ADAM: Exactly, so that’s it. I am not saying piano is better, but for me compositionally, I think it allows me to concentrate on the song as a whole as opposed to from my role as the bass player. If somebody hires me to play bass on something that is very different, of course, I have to think, ‘how can I retain my personality and still satisfy the needs of the song?’ And that’s my attitude. When I am writing for me, it’s different. I want the song to be first.

When I sent out multiple e-mails all over the world announcing this new magazine, one of the most vehement responses I received was from a gentlemen who said that if we were to do this, we should do it right.
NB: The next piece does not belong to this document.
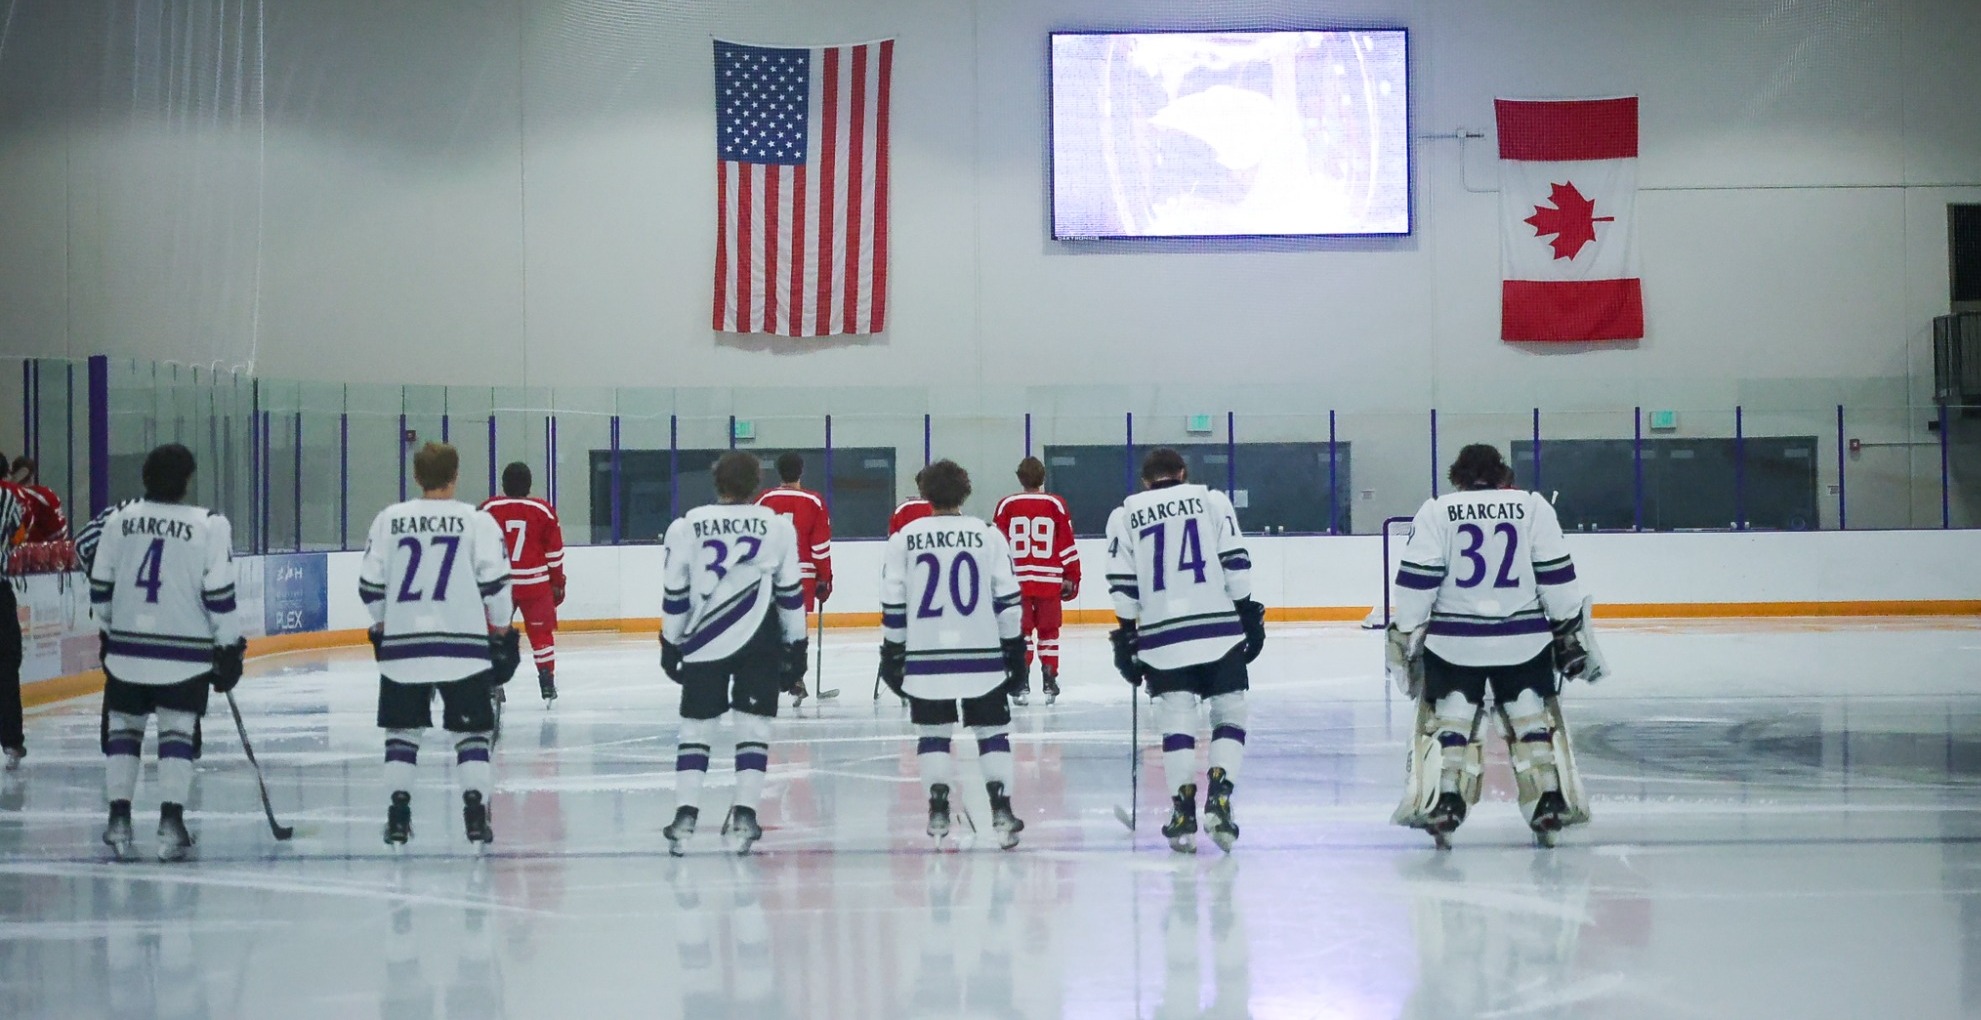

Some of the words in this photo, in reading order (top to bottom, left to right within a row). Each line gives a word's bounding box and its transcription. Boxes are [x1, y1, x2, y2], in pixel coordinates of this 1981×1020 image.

His version of ‘right’ was to only talk to the traditionalists, only the Rhythm Enforcers that held down the 4/4. A lot of people feel that is the only true role for a bass player, and in light of that might find that you stray a bit out of that arena perhaps a bit too much for their liking. It’s a touchy area. It always will be.

ADAM: Well, this is a topic we could discuss for an hour alone. My perspective on that, and I would never want to offend anyone, but what I find is, this is partly the media’s fault, if we have to point blame at anybody. But people always have choices, all the time. I can definitely identify with this argument, because I’ve been on both sides. I understand where people are coming from.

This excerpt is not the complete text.